Dugaan keterlibatan ini terjadi saat Sudewo masih menjabat sebagai anggota Komisi V DPR RI.
Dalam surat dakwaan, Sudewo disebut turut serta menerima suap yang totalnya mencapai Rp18,3 miliar terkait proyek pembangunan Jalur Ganda Kereta Api antara Solo Balapan–Kalioso (JGSS-06).
Menurut dakwaan, jatah untuk Sudewo adalah sebesar 0,5 persen dari total nilai proyek yang mencapai Rp143,5 miliar.
Ia diduga menerima uang tunai sebesar Rp720 juta pada September 2022.
Uang tersebut diserahkan oleh Dion Renato Sugiarto melalui stafnya, Doddy Febriatmoko, atas arahan dari pejabat Direktorat Jenderal Perkeretaapian (DJKA) Kemenhub.
Meskipun uang telah dikembalikan, KPK menyatakan masih terus mendalami peran Sudewo dalam perkara ini.
Namun, pihak komisi antirasuah belum memberikan rincian lebih lanjut mengenai kapan Sudewo akan diperiksa kembali.
Pasal 4 Undang-Undang Nomor 31 Tahun 1999 tentang Pemberantasan Tindak Pidana Korupsi menyatakan
"Pengembalian kerugian keuangan negara atau perekonomian negara tidak menghapuskan pidana terhadap pelaku tindak pidana korupsi."
Pasal ini menegaskan bahwa meskipun pelaku korupsi telah mengembalikan uang yang merugikan negara, ia tetap harus menjalani proses hukum dan dapat dijatuhi pidana.
Tujuannya adalah untuk memastikan bahwa korupsi tetap diproses sebagai kejahatan serius, bukan sekadar pelanggaran administratif atau finansial.
Pengembalian uang hasil korupsi tidak membebaskan pelaku dari proses hukum. Tindakan tersebut hanya dapat dipertimbangkan sebagai faktor yang meringankan dalam proses peradilan, misalnya saat penjatuhan vonis.

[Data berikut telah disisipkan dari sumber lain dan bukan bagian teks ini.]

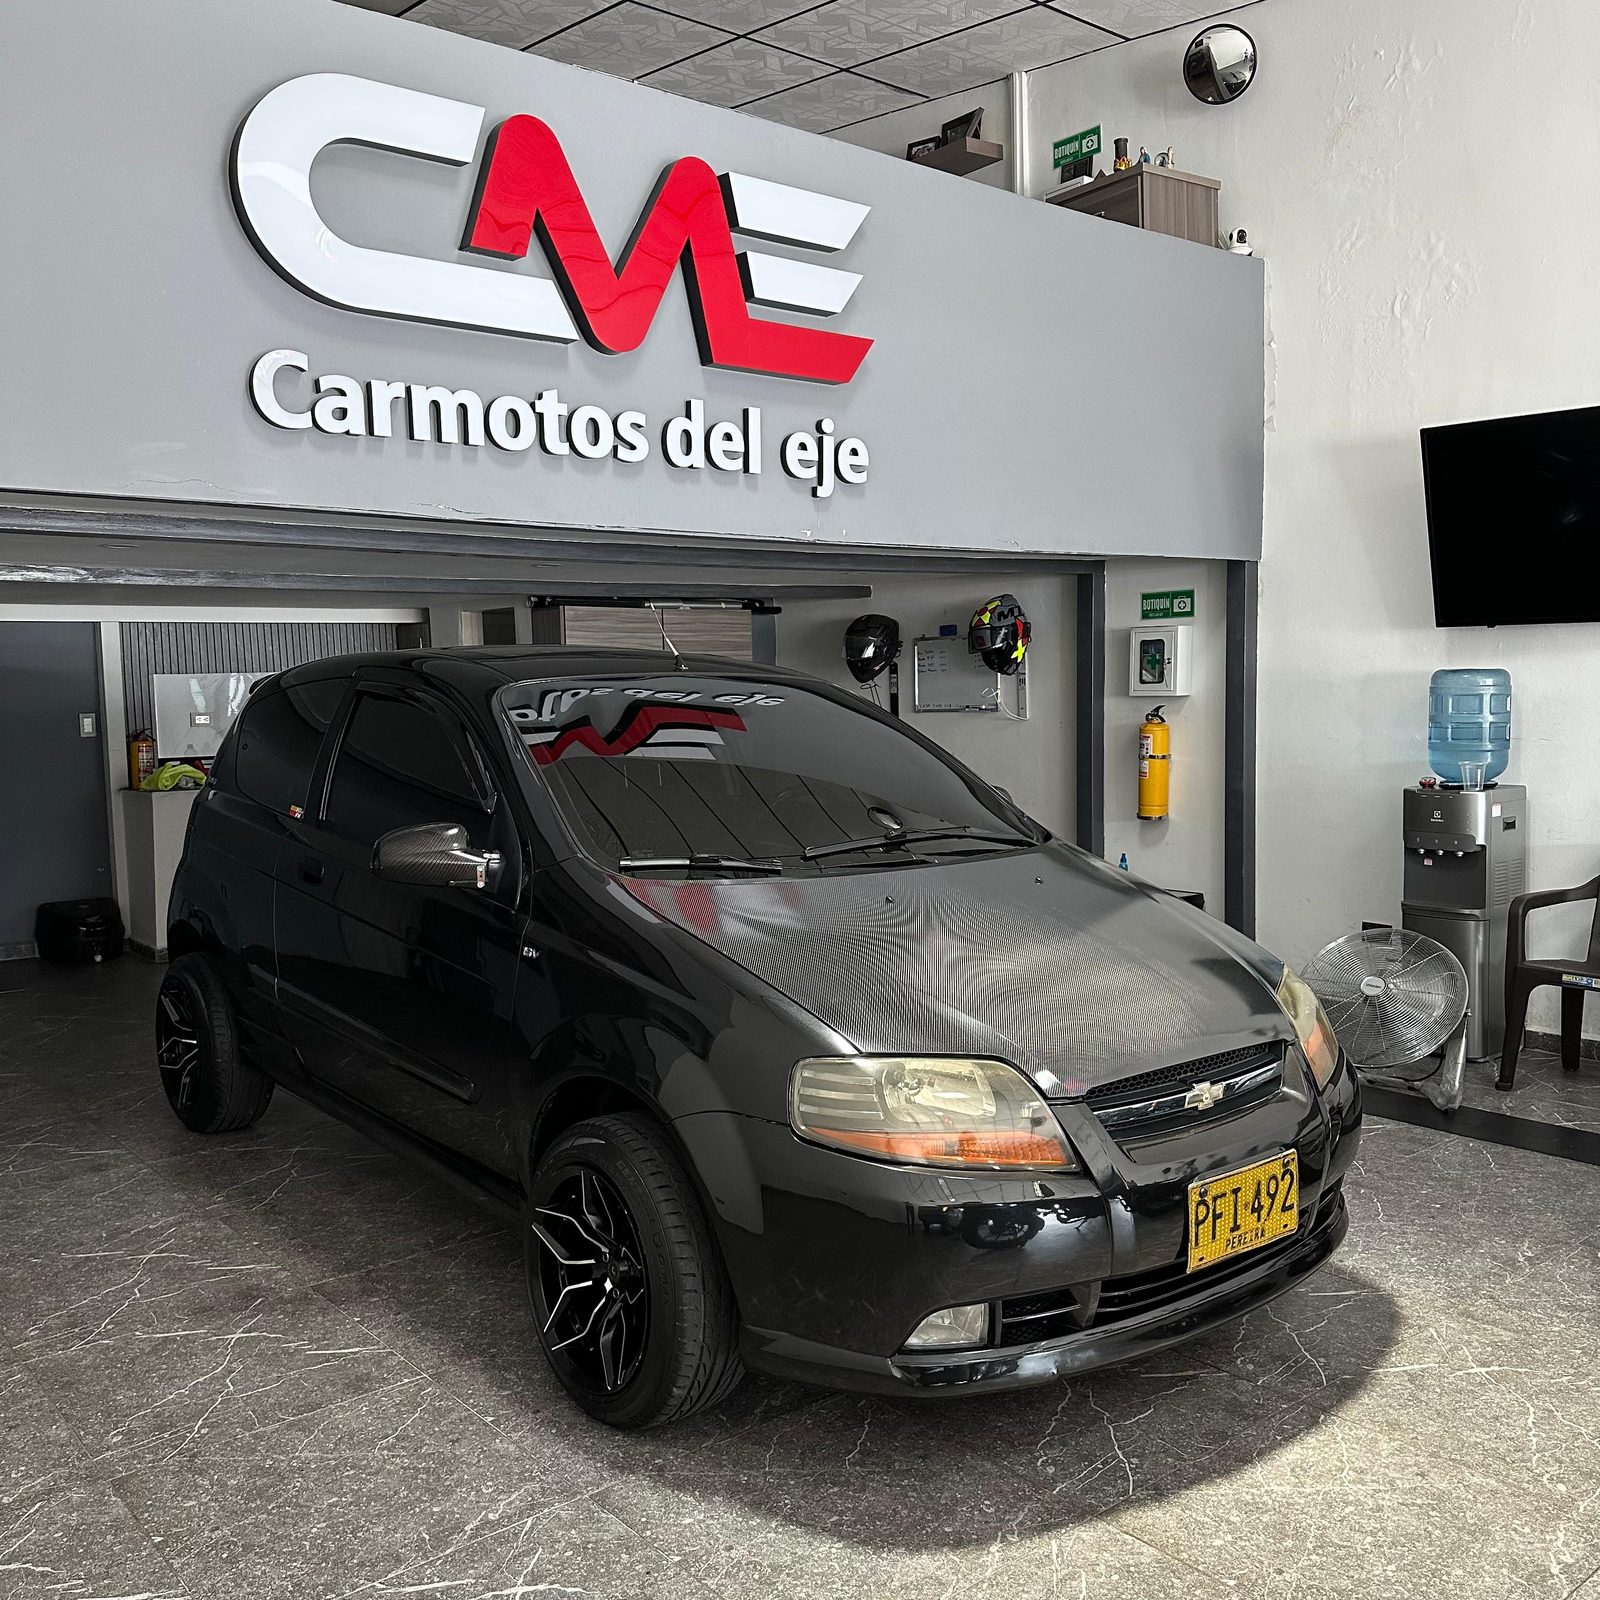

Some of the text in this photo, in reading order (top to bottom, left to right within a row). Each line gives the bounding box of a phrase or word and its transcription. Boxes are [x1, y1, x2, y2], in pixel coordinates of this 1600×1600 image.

[250, 348, 870, 497] Carmotos del eje
[1143, 595, 1170, 611] BOTIQUÍN
[1194, 1168, 1295, 1248] PFI 492
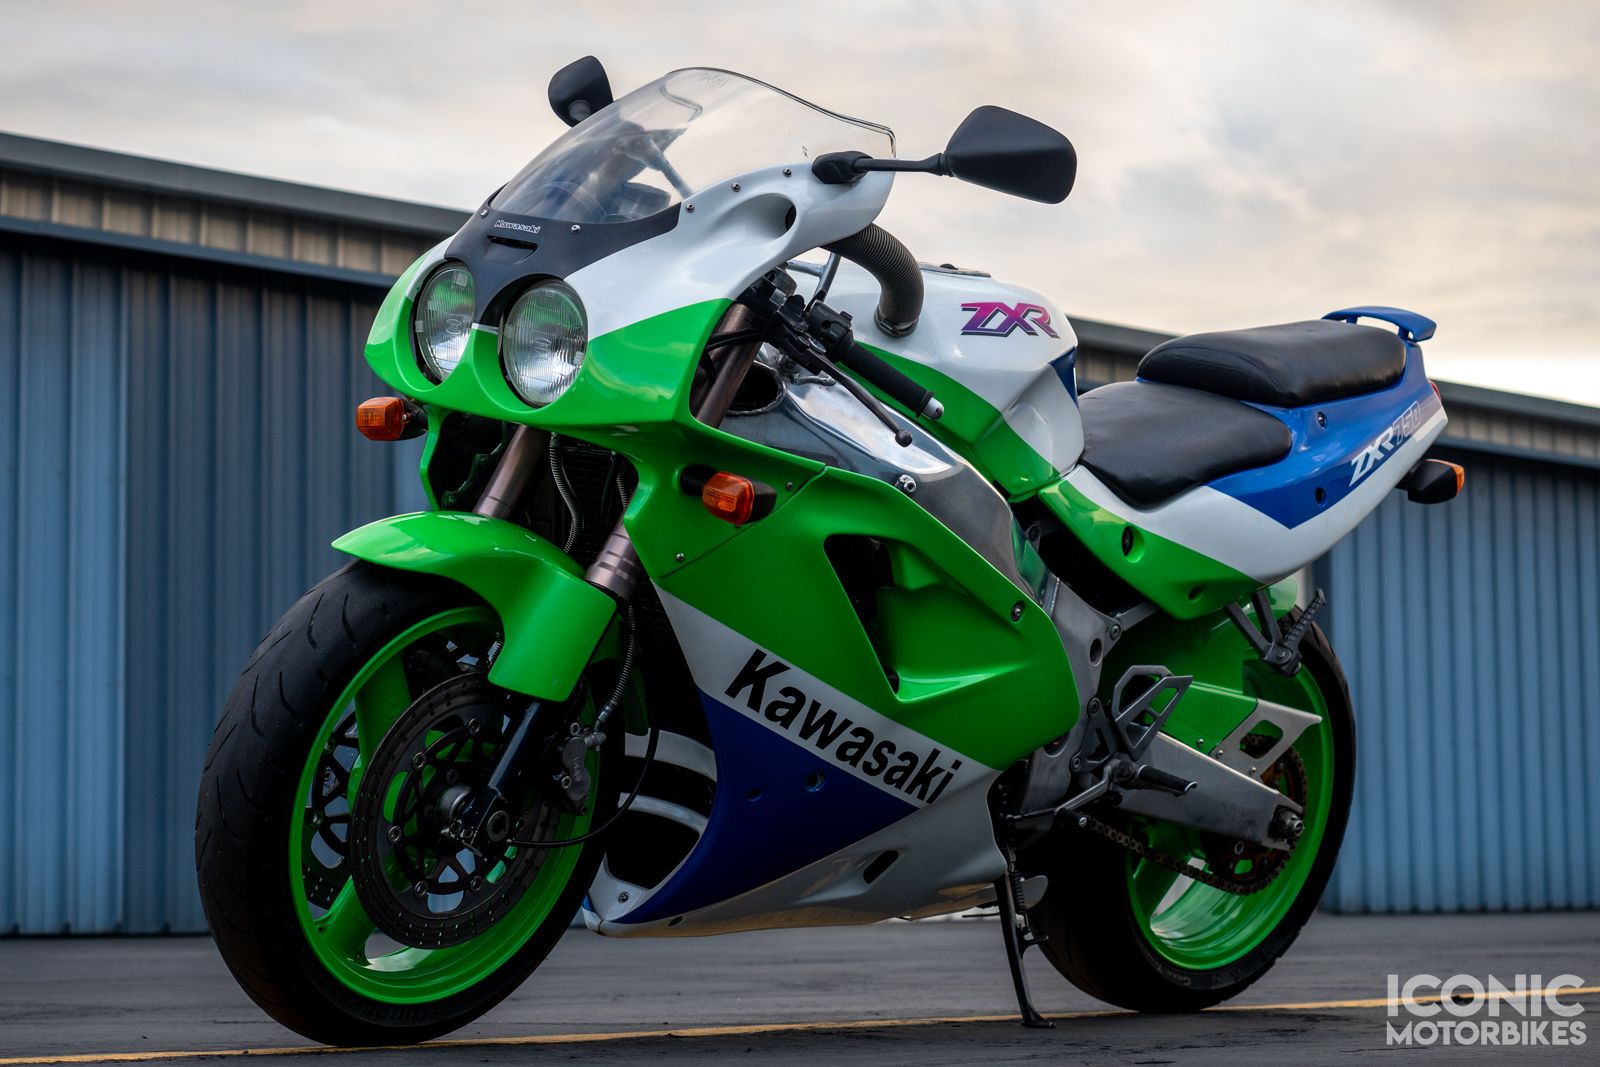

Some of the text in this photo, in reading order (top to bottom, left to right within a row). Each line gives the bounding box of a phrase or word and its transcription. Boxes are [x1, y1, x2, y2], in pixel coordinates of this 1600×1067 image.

[494, 219, 541, 233] Kawasaki
[960, 301, 1060, 339] ZXR
[724, 648, 962, 804] Kawasaki
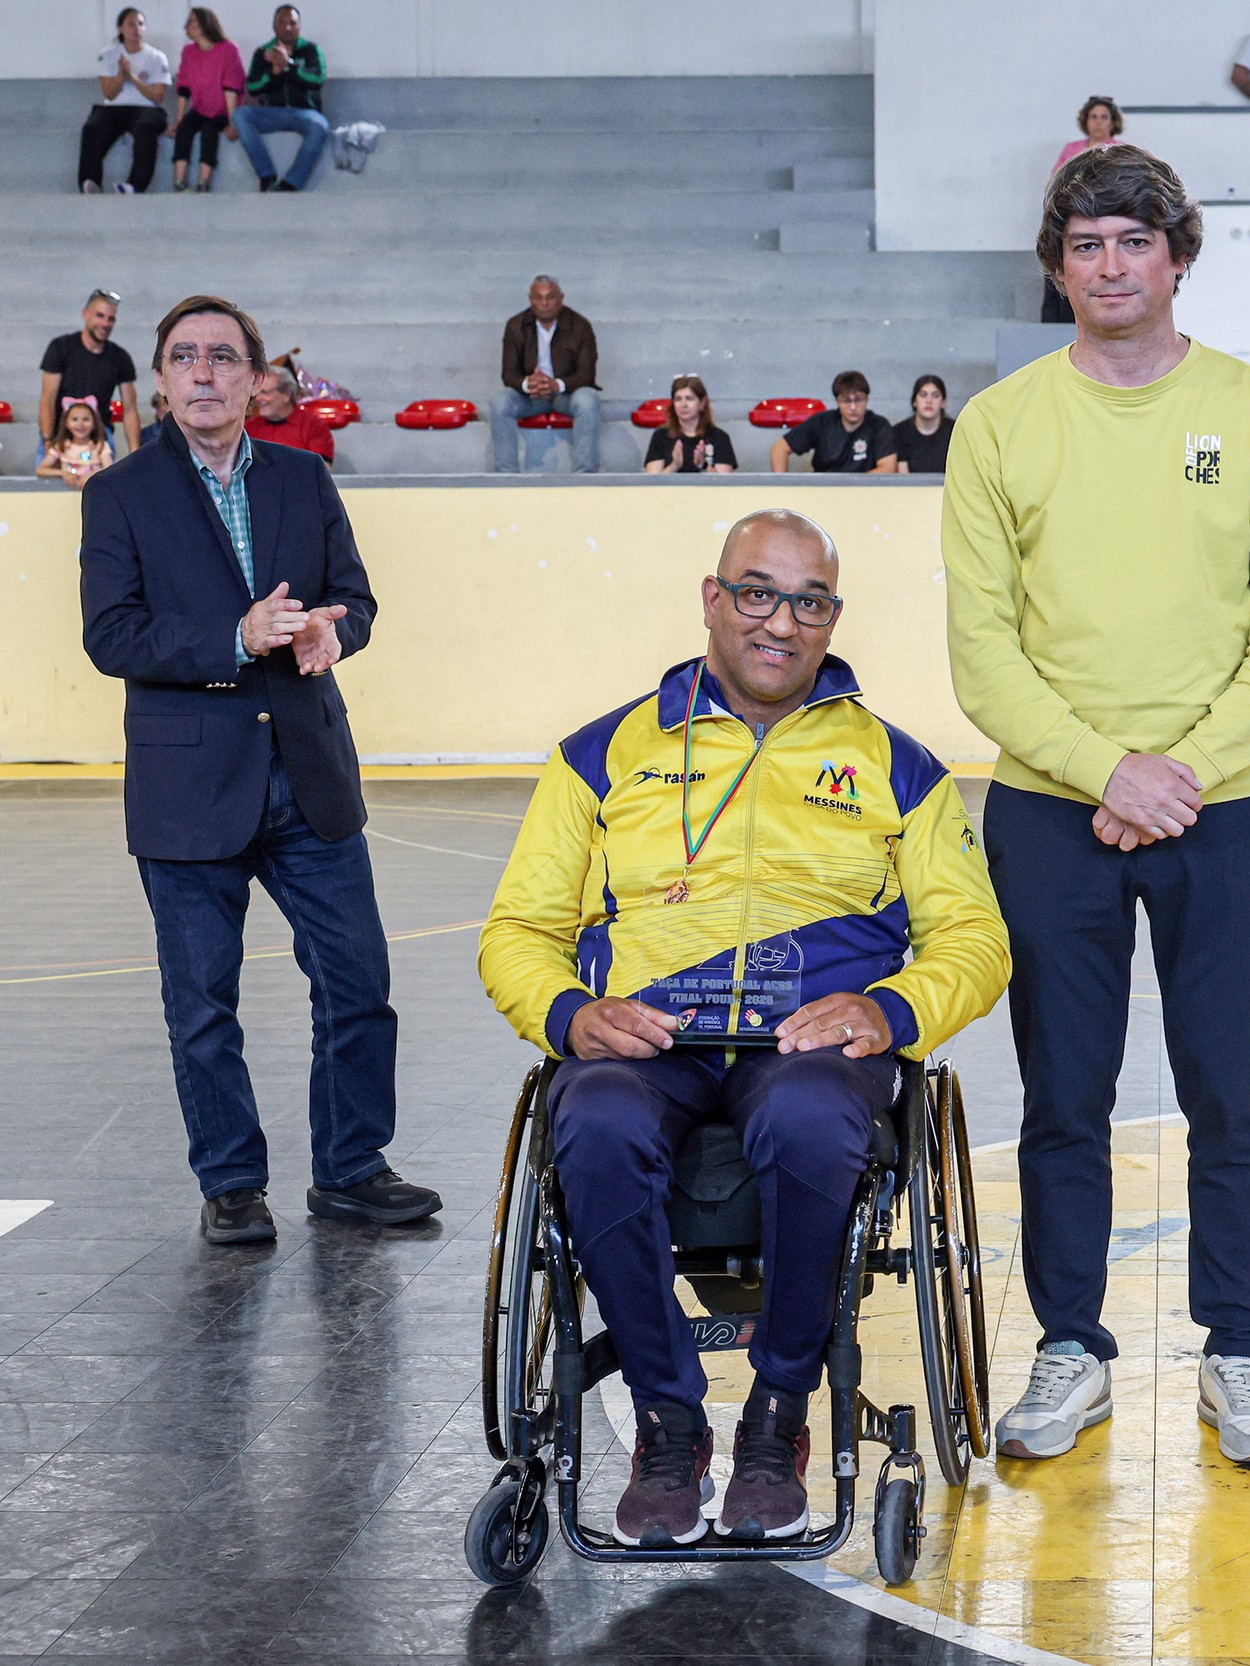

Hal ini bertujuan untuk tetap menegakkan prinsip akuntabilitas dan efek jera, agar pelaku tidak lolos hanya dengan mengembalikan hasil kejahatan.
Kenapa tetap diproses? Hal ini, karena perbuatan tindak pidana korupsi bukan sekadar soal uang, tapi juga soal pelanggaran hukum, penyalahgunaan jabatan, dan dampak sistemik terhadap kepercayaan publik. Oleh karena itu, meskipun uang dikembalikan, pelaku tetap harus bertanggung jawab secara pidana.
Duduk Perkara Kasus Suap Proyek Kereta
Sudewo diduga terlibat dalam kasus suap pengadaan dan pemeliharaan jalur kereta api di lingkungan Direktorat Jenderal Perkeretaapian (DJKA), Kementerian Perhubungan.
Juru Bicara KPK, Budi Prasetyo, mengatakan Sudewo—yang saat dugaan suap terjadi masih menjabat anggota DPR RI dari Fraksi Gerindra—masuk dalam radar penyidikan.
“Benar, Saudara SDW (Sudewo) merupakan salah satu pihak yang diduga menerima aliran commitment fee terkait proyek pembangunan jalur kereta,” ujar Budi di Gedung Merah Putih KPK, Jakarta, Rabu (13/8/2025).
Budi menegaskan, penyidik membuka peluang untuk memanggil kembali Sudewo sebagai saksi jika diperlukan.
Awal Kasus DJKA
Pengungkapan kasus ini bermula dari operasi tangkap tangan (OTT) KPK terkait kasus dugaan korupsi di lingkungan Balai Perkeretaapian Direktorat Jenderal Perkeretaapian (DJKA) Kemenhub, Selasa (11/4/2024) lalu.
Dalam OTT itu, KPK mengamankan sejumlah pejabat DJKA dan pihak sawasta di Jakarta, Semarang, Depok, dan Surabaya dan diduga para pejabat DJKA menerima suap dari pengusaha yang menjadi pelaksana proyek.
Suap tersebut terkait pembangunan dan perawatan jalur kereta api anggaran 2018-2022.
Sebanyak 13 orang telah ditetapkan sebagai tersangka kasus ini tersangka terdiri atas 10 orang aparatur sipil negara (ASN) di lingkungan Kemenhub, dua korporasi, dan satu swasta.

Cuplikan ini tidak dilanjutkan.